Une femme a perdu semble-t-il son ticket qui accapare au vestiaire l'un des employés. D'où un peu de file d'attente, mais guère plus que cinq minutes je dirais. Une fois mes affaires déposées et équipée du porte-documents transparent réglementaire dûment rempli du nécessaire pour écrire et étudier, je descends dans les entrailles de ce vaisseau futuriste d'autrefois (1). Je passe aux toilettes par précaution, elles sont diablement loin des postes de travail, autant une fois à pied d'œuvre éviter de devoir trop y retourner.

OSEF dirait le fiston ou plutôt aurait-il dit il y a 3 ans s'il avait lu jusqu'ici.

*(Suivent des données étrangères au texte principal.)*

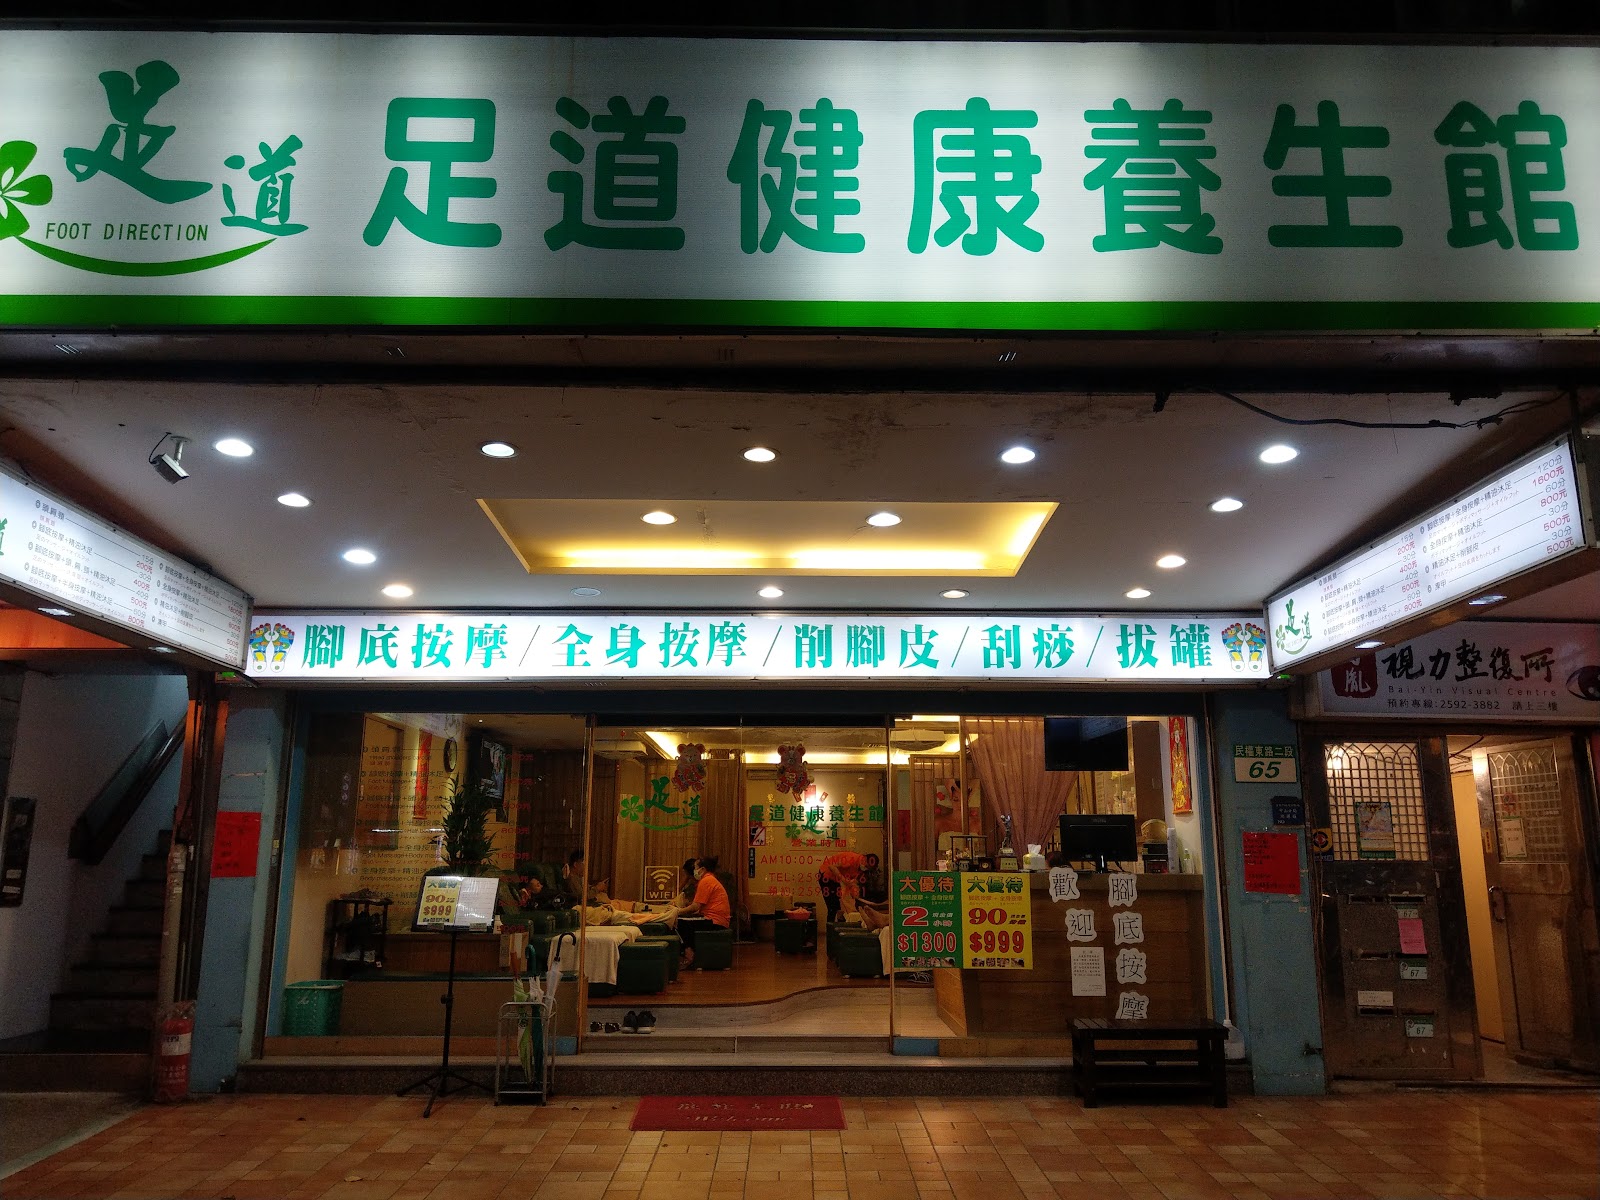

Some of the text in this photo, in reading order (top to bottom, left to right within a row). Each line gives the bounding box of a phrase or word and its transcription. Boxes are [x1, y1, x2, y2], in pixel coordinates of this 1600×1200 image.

[363, 96, 1580, 256] 足道健康養生館
[45, 223, 208, 242] FOOT DIRECTION
[1537, 453, 1562, 474] 120分
[1532, 463, 1564, 489] 1600元
[1545, 476, 1566, 495] 60分
[1540, 486, 1567, 509] 800元
[1548, 499, 1568, 517] 30分
[1543, 512, 1570, 533] 500元
[1400, 533, 1413, 544] 15分
[1551, 524, 1572, 541] 30分
[1396, 540, 1415, 556] 200元
[1546, 535, 1574, 555] 500元
[1402, 550, 1416, 563] 30分
[135, 559, 153, 574] 200元
[1398, 559, 1417, 574] 400元
[138, 570, 151, 582] 30分
[1404, 569, 1419, 582] 40分
[132, 577, 150, 592] 400元
[1400, 578, 1420, 594] 500元
[130, 595, 147, 610] 500元
[127, 614, 144, 627] 800元
[1285, 598, 1312, 640] 足道
[1382, 639, 1555, 683] 視力整復所
[1451, 686, 1499, 696] Visual
[1508, 688, 1558, 697] Centre
[1235, 745, 1294, 757] 民權東路二段
[1249, 761, 1281, 778] 65
[750, 804, 885, 822] 足道健康養生館
[899, 876, 955, 893] 大優待
[967, 876, 1023, 894] 大優待
[425, 894, 446, 903] 90
[422, 905, 452, 916] $999
[901, 906, 929, 927] 2
[968, 907, 1008, 926] 90
[897, 931, 957, 953] $1300
[969, 930, 1024, 954] $999
[1111, 878, 1147, 1019] 腳底按摩
[1410, 969, 1420, 978] 67
[1416, 1026, 1426, 1035] 67

Pourquoi tu nous racontes tout ça ?

En fait si je précise c'est pour expliquer qu'il se sera écoulé 10 à 12 minutes entre le moment où j'ai tourné le dos aux baies vitrées vers les vestiaires, et celui où j'ai retrouvé celles du rez-de-jardin. 10 à 12 minutes mais guère davantage. Et ce fut pour m'apercevoir que des trombes d'eau s'abattaient, qu'il régnait un gris de fin d'après-midi d'octobre, le même temps que la dernière journée (d'été) que j'avais passée à Uccle chez un saligaud de l'oubli (mais alors je l'ignorais, croyant que c'était un homme qui certes aimait les femmes mais savait respecter) et qui lui avait fait en mon honneur brancher le chauffage. En plein mois de juillet.

Le changement de temps (météo) était si soudain qu'il donnait l'impression de ressortir ailleurs que l'accès était de ceux qui font voyager. Ou que j'avais voyagé dans le temps (tic-tac), qu'entrée mardi midi je me retrouvais aux salles d'études un jour d'autre saison et de pluie.

Je me suis demandée si l'amie avait entre temps eu le temps de regagner sans encombre son logis. 

J'espère que oui. Et j'étais pour ma part très contente d'être au chaud à l'abri. 

 

(1) Je songe souvent au décor de "Solaris" de Tarkovski ou à Cosmos 1999 les jours où l'esprit est porté à plus de facétie.